Actualité : L’AES dénonce une résolution du Parlement européen sur la détention de Mohamed Bazoum

Bamako, 19 mars (AMAP)  La Confédération des États du Sahel (AES) a exprimé jeudi sa « vive indignation » à la suite de l’adoption, le 12 mars 2026, par le Parlement européen, d’une résolution portant sur la détention de l’ancien président du Niger, Mohamed Bazoum, qualifiée par l’organisation de « détention arbitraire ».

Dans un communiqué publié à Ouagadougou, l’AES « condamne avec fermeté cette ingérence grave, concertée et délibérée dans les affaires intérieures d’un État souverain ». Elle accuse le Parlement européen d’avoir agi sous « le couvert d’une prétendue humanité », tout en dénonçant une approche jugée « sélective » face à d’autres violations du droit international.

L’organisation souligne notamment que l’institution européenne serait restée silencieuse sur « les violations réelles, flagrantes, illégitimes, répétées et continues du droit international », ainsi que sur la crise sécuritaire affectant les pays de l’espace confédéral depuis plus d’une décennie. Elle évoque également des « attaques barbares » contre des populations civiles, qui n’auraient pas été dénoncées.

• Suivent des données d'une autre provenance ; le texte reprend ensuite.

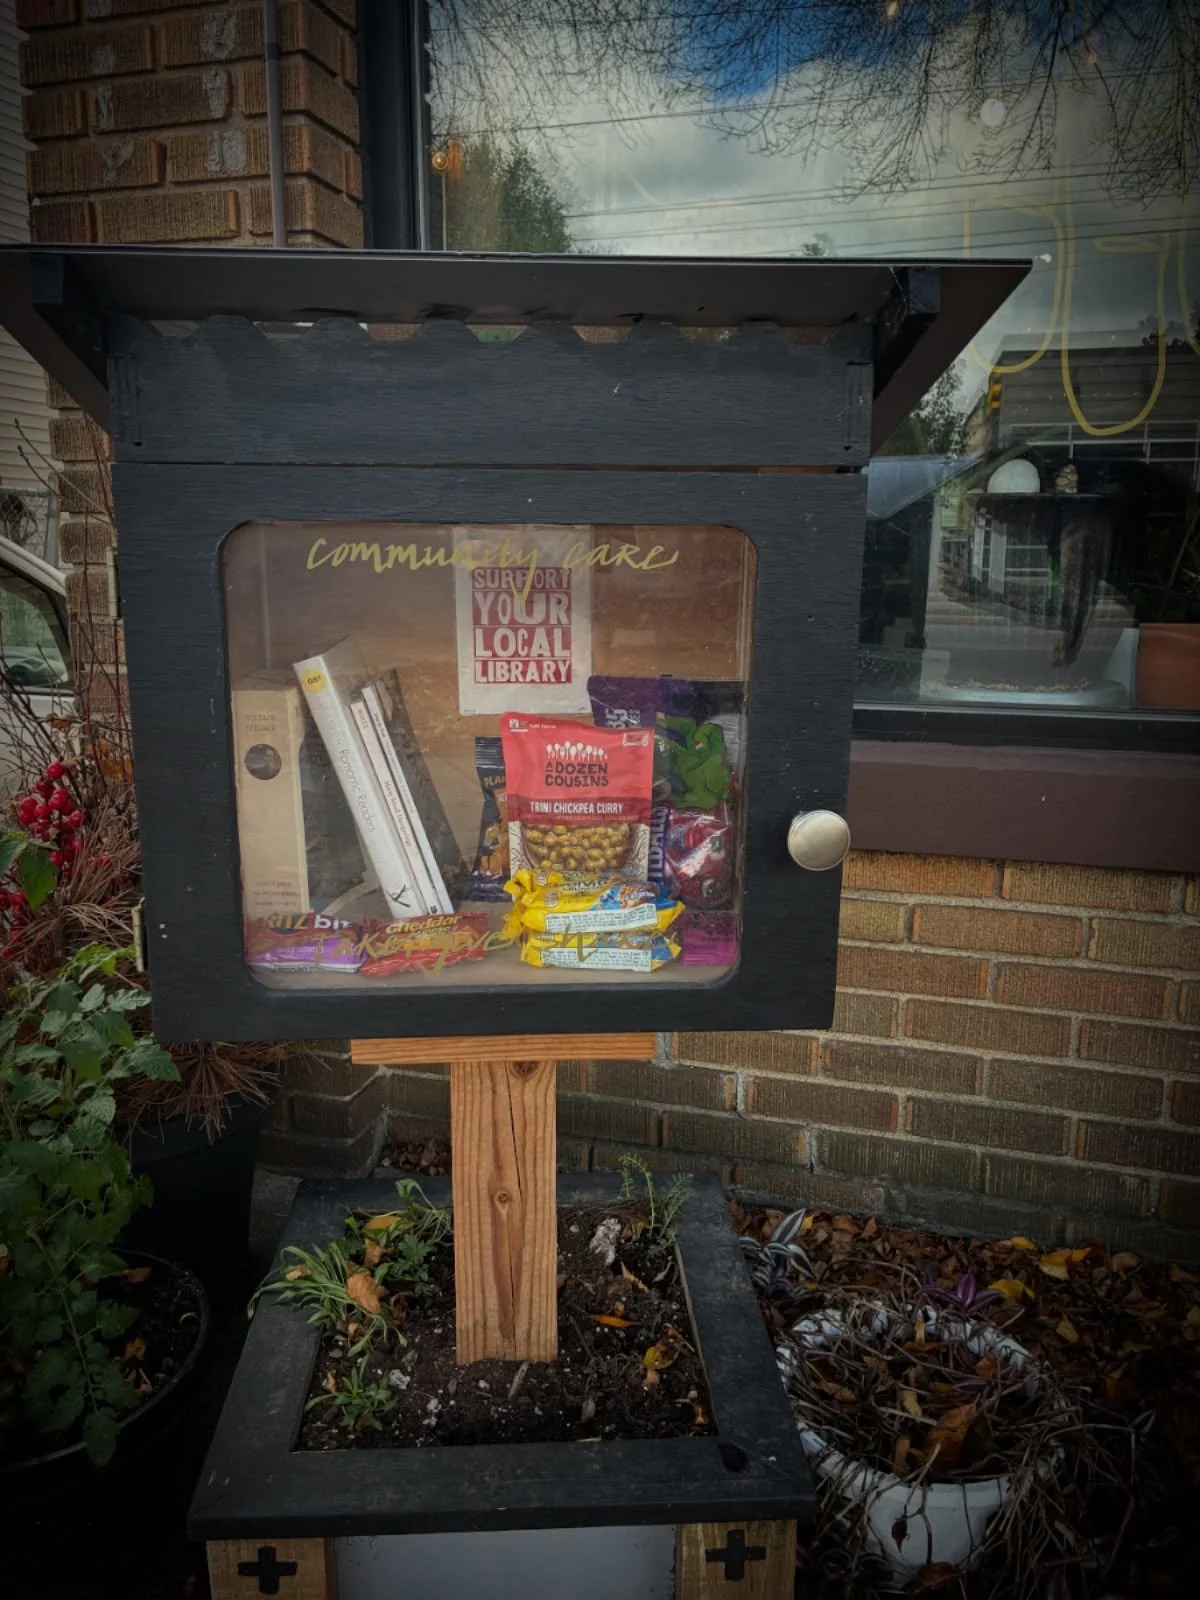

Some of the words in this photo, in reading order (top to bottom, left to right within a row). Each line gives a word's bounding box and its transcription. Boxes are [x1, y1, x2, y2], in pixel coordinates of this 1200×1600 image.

[474, 568, 571, 589] SUPPORT
[474, 591, 570, 625] YOUR
[475, 627, 570, 658] LOCAL
[475, 660, 570, 682] LIBRARY
[545, 761, 553, 773] A
[556, 762, 608, 775] DOZEN
[545, 774, 609, 788] COUSINS
[530, 801, 551, 813] TRINI
[553, 802, 594, 814] CHICKPEA
[597, 803, 624, 814] CURRY
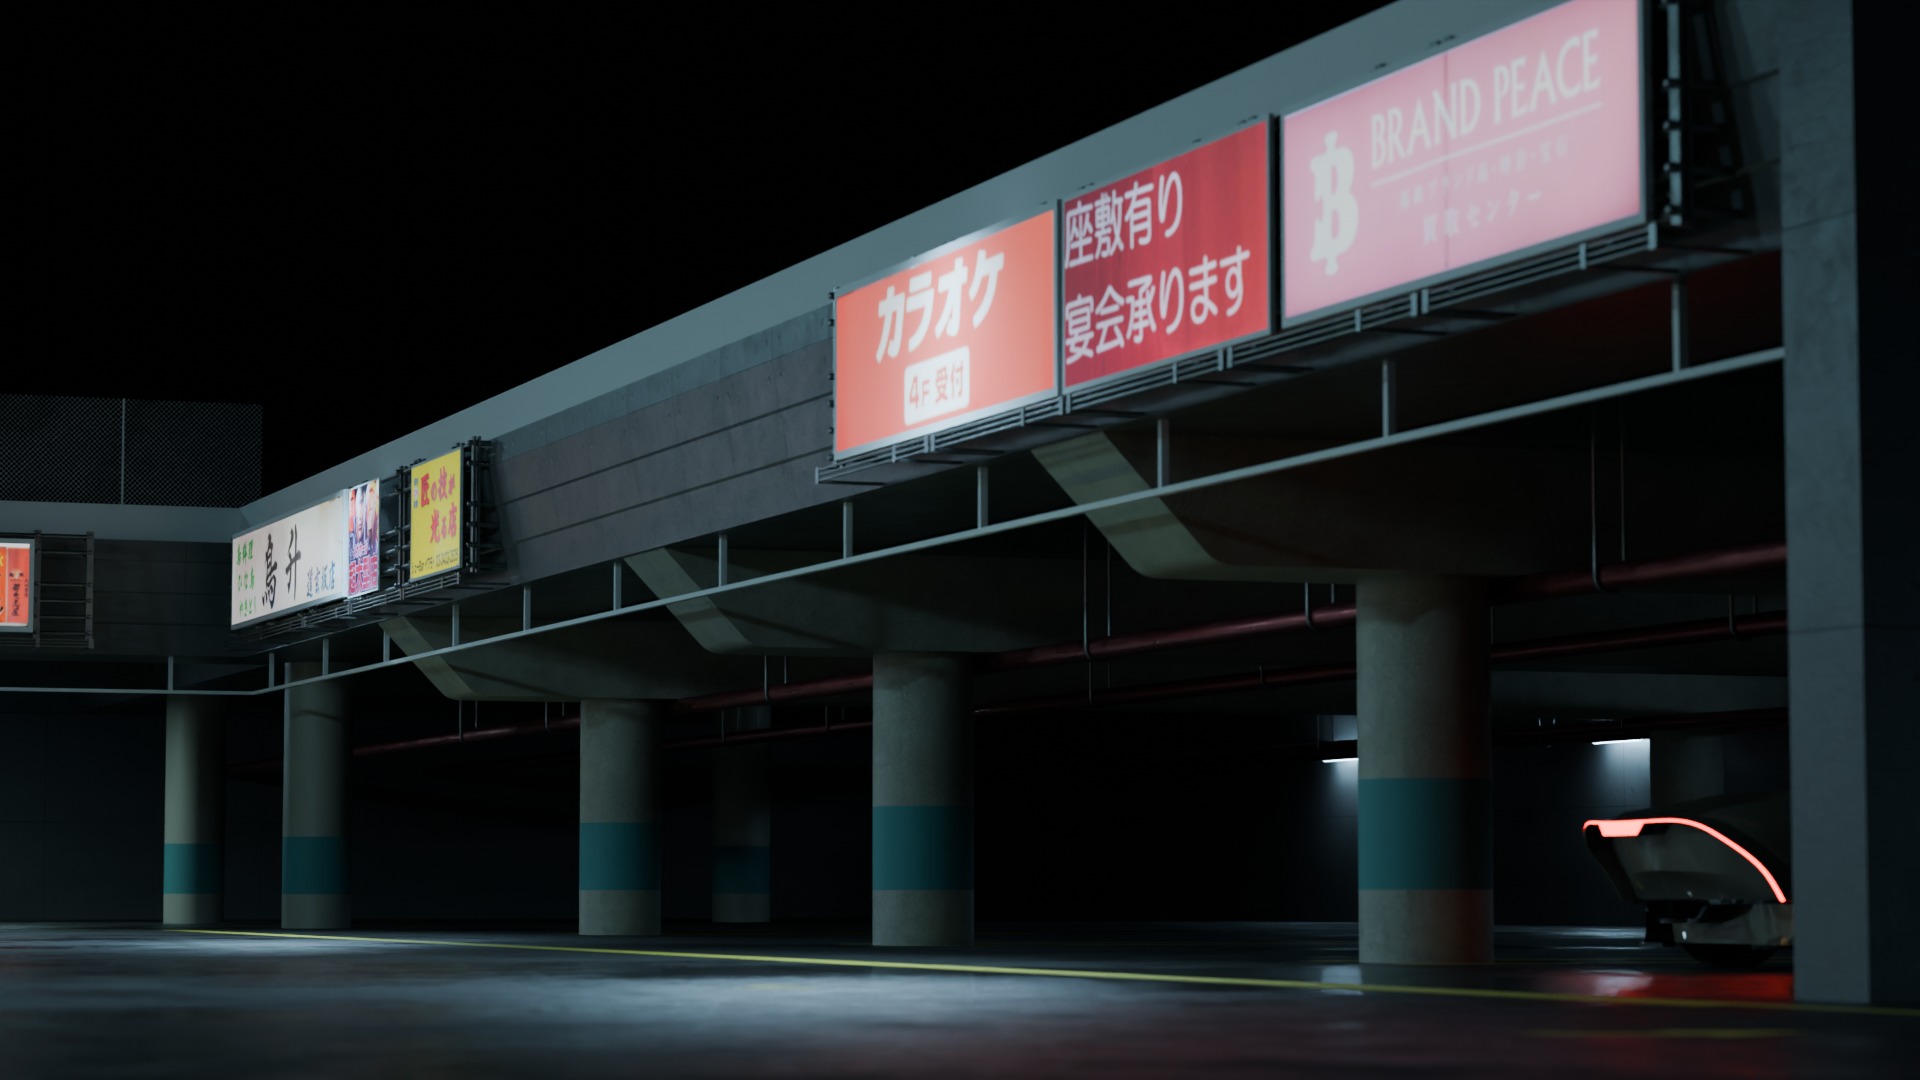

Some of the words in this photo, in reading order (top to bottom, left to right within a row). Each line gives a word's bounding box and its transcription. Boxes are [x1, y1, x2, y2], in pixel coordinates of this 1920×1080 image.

[1371, 77, 1482, 169] BRAND
[1493, 27, 1602, 124] PEACE
[1064, 170, 1184, 270] 座敷有り
[875, 248, 1005, 364] カラオケ
[1065, 245, 1251, 366] 宴会承ります
[421, 466, 455, 507] 匠の技が
[430, 502, 457, 543] 光る店
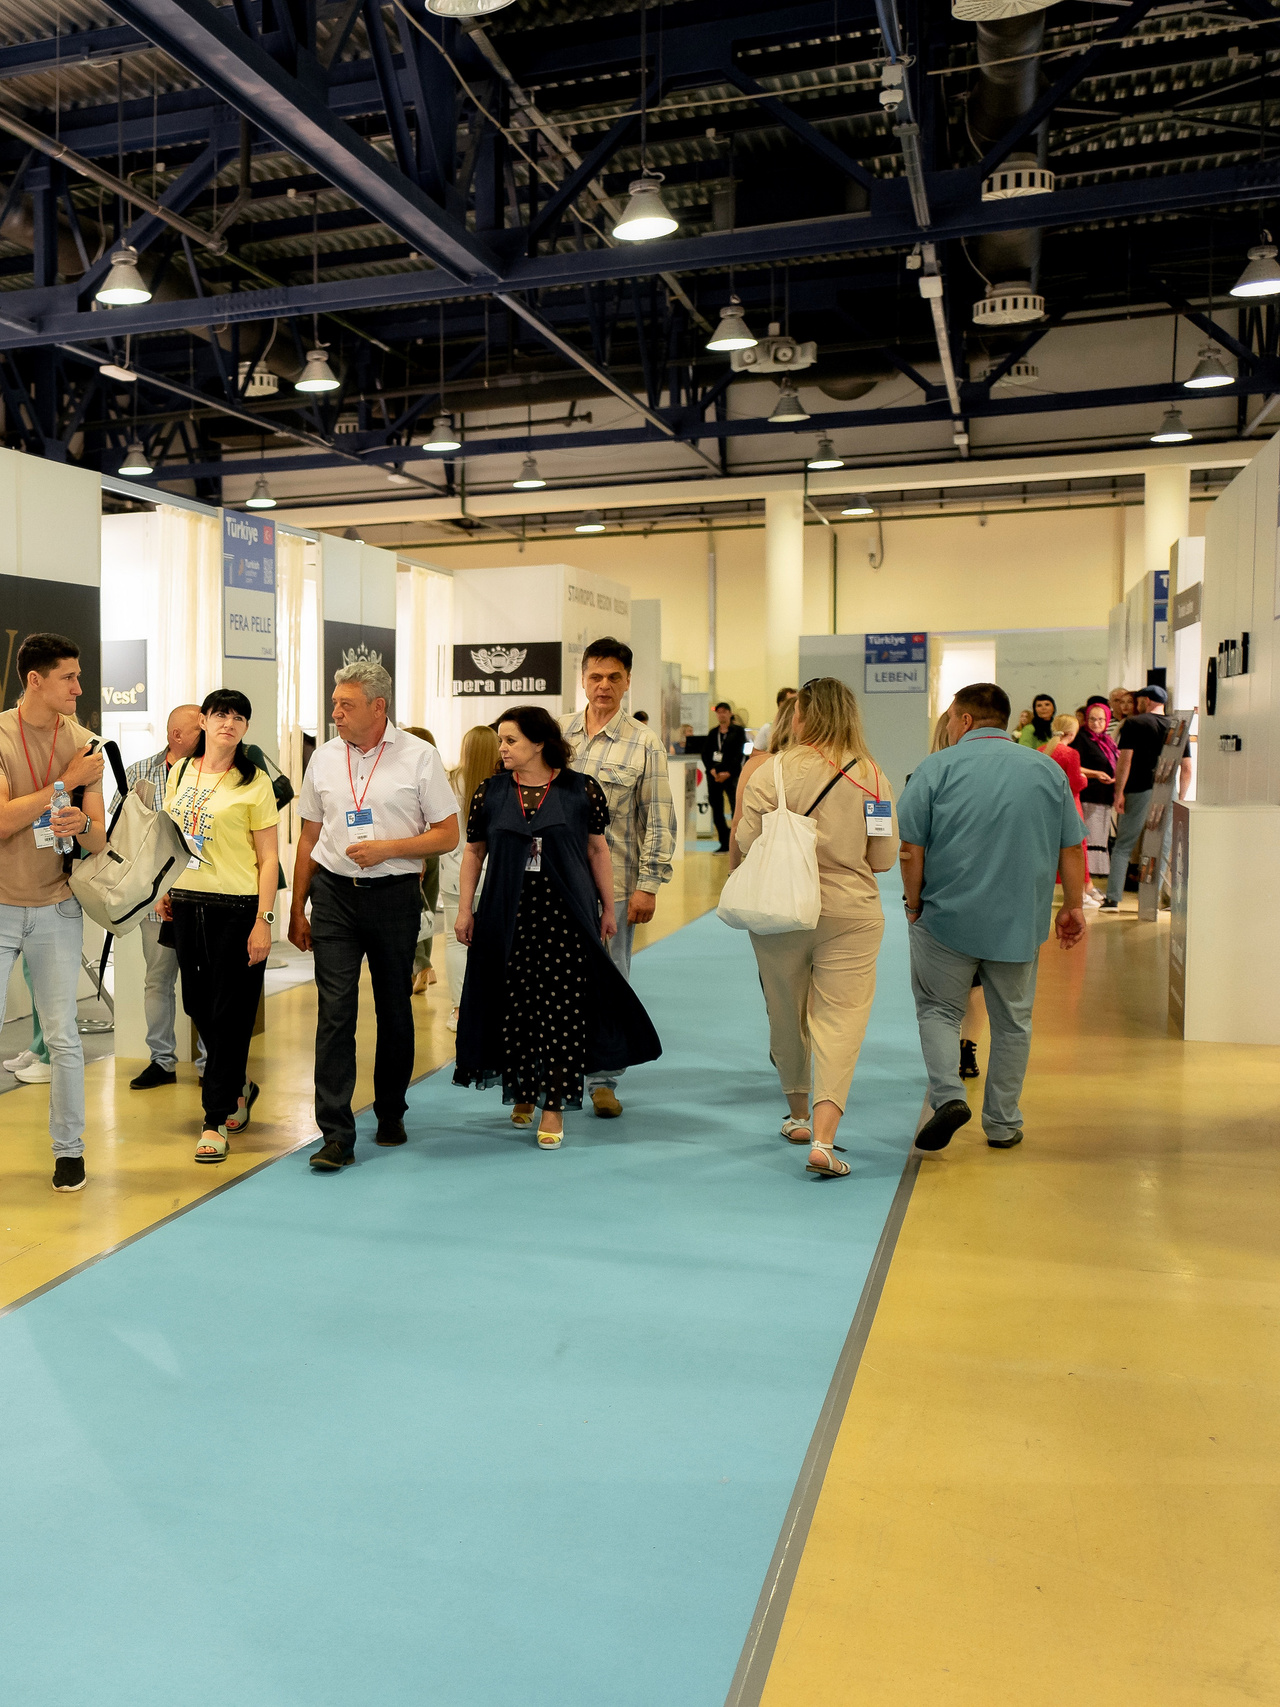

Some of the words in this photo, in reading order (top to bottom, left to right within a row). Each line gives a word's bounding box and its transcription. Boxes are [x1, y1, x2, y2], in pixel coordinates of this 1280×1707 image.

L’AES met en cause « un groupuscule d’acteurs connus, animés d’un paternalisme rétrograde » et accusés de défendre des intérêts « économiques et géostratégiques inavoués ».

Selon le communiqué, ces acteurs auraient influencé une majorité de députés européens, « dont la plupart sont certainement de bonne foi ».

« La Confédération AES n’a ni d’injonctions, ni de leçons de gouvernance à recevoir », affirme le texte, qui estime que la résolution vise à « rétablir un système … au détriment des aspirations légitimes des populations du Sahel ».

L’organisation insiste enfin sur le fait que cette initiative « ne saurait en aucun cas influencer sa marche », la jugeant « totalement en déphasage avec la nouvelle dynamique politique, économique et sociale » engagée dans l’espace confédéral.